Waisenkinder müssen um Spenden betteln. Ich kann es nicht fassen. Das ist die Aufgabe des Staates, so etwas zu organisieren. Was ist das für ein Regime, das seine Kinder für das Lebensnotwendigste arbeiten lässt. Im Westfernsehen haben sie das mal der DDR unterstellt. Man filmte damals unseren Werksunterricht und log das Blaue vom Himmel. Das kommunistische DDR-Regime würde selbst Kinder arbeiten lassen, um den Plan zu erfüllen. Unsere Eltern, meist unter faschistischer Erziehung aufgewachsen, glaubten teilweise diesem Unfug. Wohl in der Annahme, sie würden im Westfernsehen die Wahrheit erfahren. Heute wissen wir, dass die Vertreter des kapitalistischen Systems, ausnahmslos verlogene Verbrecher sind. Mir fällt keine dieser Gestalten ein, die bei einem fähigen Staatsanwalt, straffrei ausgehen würde. Im Grunde befinden wir uns seit der Wende in einem durch und durch kriminellen Umfeld. Für DDR-Bürger ist das eine neue Erfahrung, die ganz sicher einer gewissen Anpassung bedarf.

Nach der Essensausgabe packe ich schnell meine drei Sachen und wünsche den Damen eine gute Bescherung, um nicht Beschälung zu sagen. Ich rufe im Haupthaus an, damit sie mich abholen kommen. Fünf Minuten später war mein türkischer Kollege schon da. Ich war noch am Küche putzen. Der Kollege packte meine leeren Behälter, führte mit meinen Kolleginnen noch einen kleinen Plausch bis ich fertig war und los ging‘s. Der Fahrerkollege stellte sich mit Urban vor und sagte mir, er wäre der Hausmann. Er fragte mich, ob er mich bei meinem Auto absetzen soll, was ich bejahte. „Der Chef hat für Jeden ein Weihnachtsgeschenk“, sagte er mir. „Das wird mir sicher nicht weglaufen“, antworte ich ihm. „Meine Frau ist mir wichtiger.“ Am Auto angekommen, verabschiedete ich mich von Urban und sagte ihm, er soll den Kollegen und dem Chef eine frohe Weihnacht wünschen von mir.

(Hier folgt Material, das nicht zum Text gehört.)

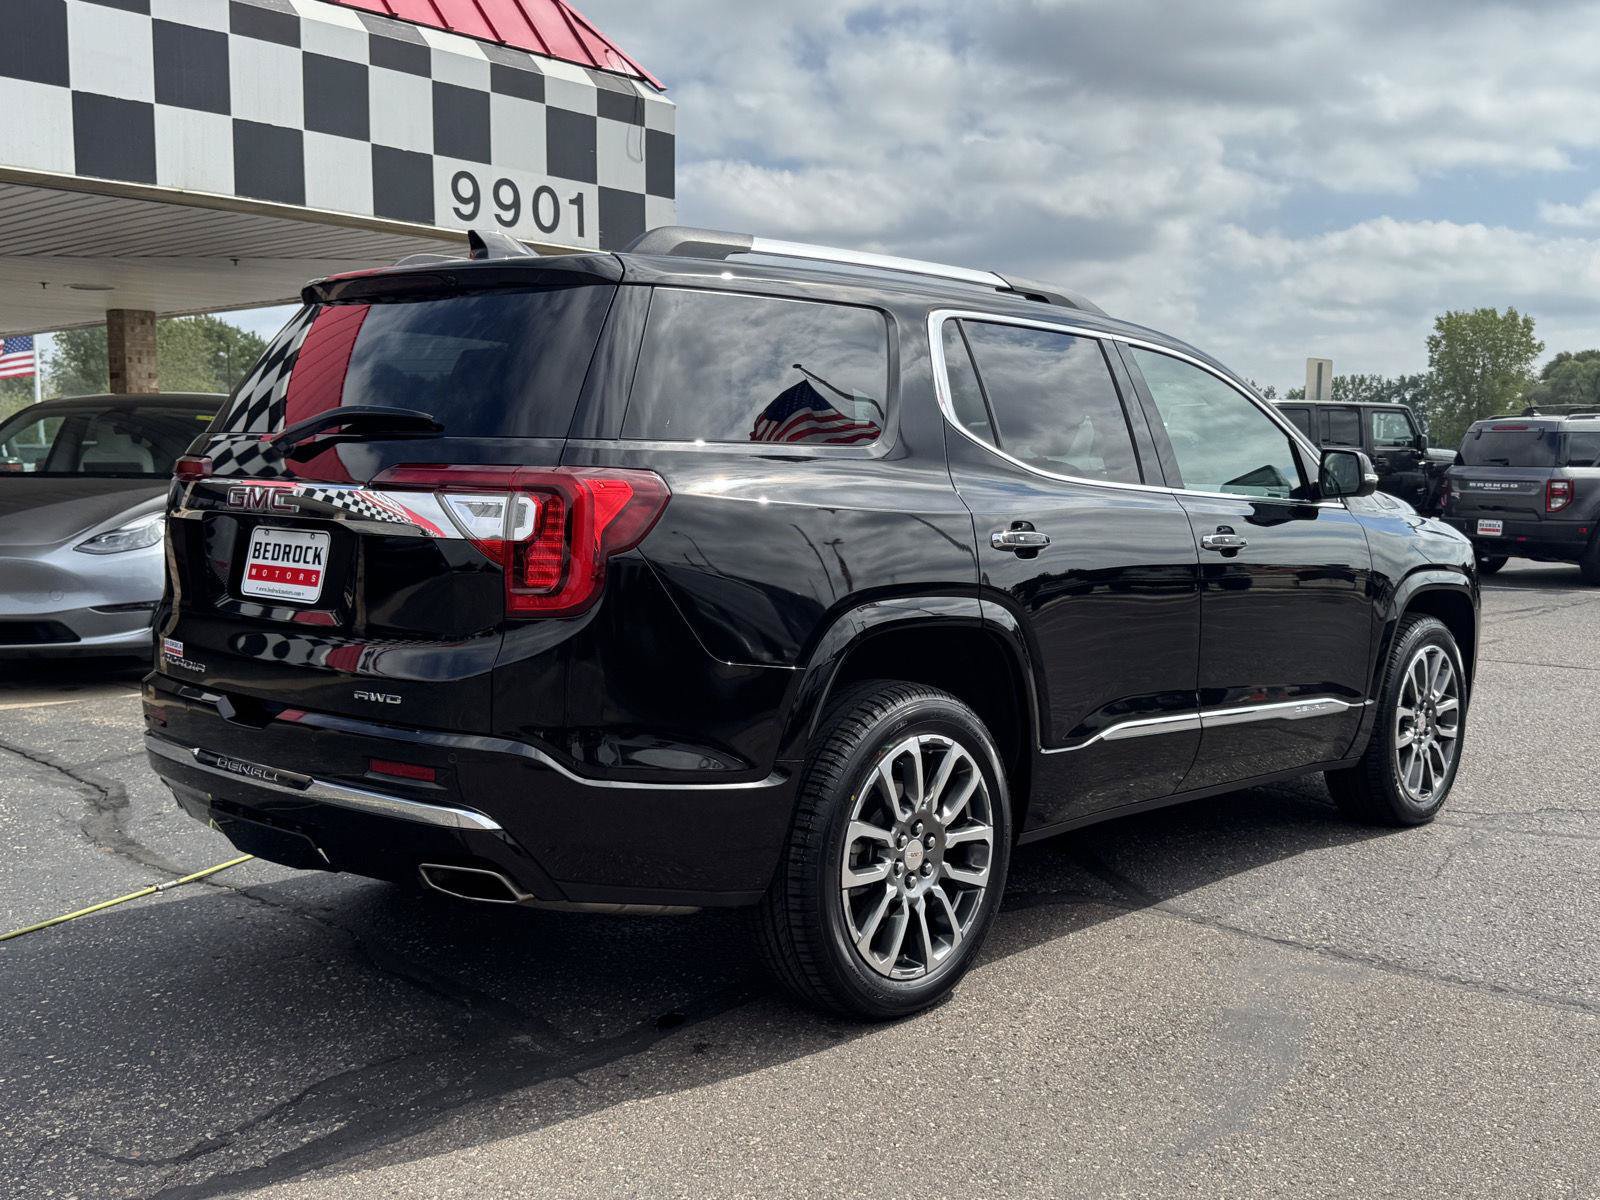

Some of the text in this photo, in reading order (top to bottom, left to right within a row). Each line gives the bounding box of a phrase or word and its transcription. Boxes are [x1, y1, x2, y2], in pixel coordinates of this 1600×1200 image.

[451, 170, 585, 238] 9901
[227, 486, 300, 513] GMC
[252, 541, 324, 565] BEDROCK
[251, 568, 317, 583] MOTORS
[353, 690, 402, 704] AWD
[216, 757, 278, 782] DENALI

Die Fahrt aus dem Tal war die einsamste, die ich bisher erlebt habe. Ich traf keinen einzigen Fahrer, keinen Gegenverkehr, keinen Fußgänger, Niemand. Die Häuser waren mit bescheidenem Weihnachtsschmuck versehen, der teilweise leuchtete. Mit Sachsen, nicht vergleichbar. Angekommen in Prutz, sah ich eine etwas größere Menschenmenge vor der Kirche stehen. Die Kirchenglocken läuteten fast schon inbrünstig. Wahrscheinlich sind reichlich Spendengelder eingegangen, die bekannterweise im Namen vermeintlicher Waisen, hilfsbedürftiger, afrikanischer Kinder oder Kriegsopfern ein gebettelt werden. Der mediale Aufwand ist enorm. Das scheint sich zu lohnen. Nur nicht für die angegebenen Spendenempfänger. Immerhin hat der Pfarrer ein stattliches Gehalt, für das ich schon drei Monate arbeiten müsste. Da soll Einer sagen, Märchen erzählen wäre blauer Dunst, von dem man nicht leben kann. Im Kapitalismus leben etliche Mitbürger fürstlich vom Märchen erzählen.

In der DDR nannten wir das Gewerbe Agitprop; Agitation und Propaganda. Die Vertreter dieses Faches waren unsere Aufklärer, die der Aufgabe nachgingen, die Lügen der Westmedien samt ihrer Vertreter zu widerlegen. Leider logen die Westlügner so heftig, dass eine Sendung oder Versammlung pro Woche nicht annähernd reichte, um deren permanente Lügenkultur zu widerlegen. Im Grunde hätte es gereicht, Westmedien einfach abzuschalten. Nicht wegen der Behinderung der freien Meinungsäußerung; sondern einfach wegen der Behinderung von verbrecherischen Lügen, die alle hoch kriminell sind. Ein Doktor Goebbels wäre dafür am Galgen gelandet. Er wusste das selbst zu verhindern.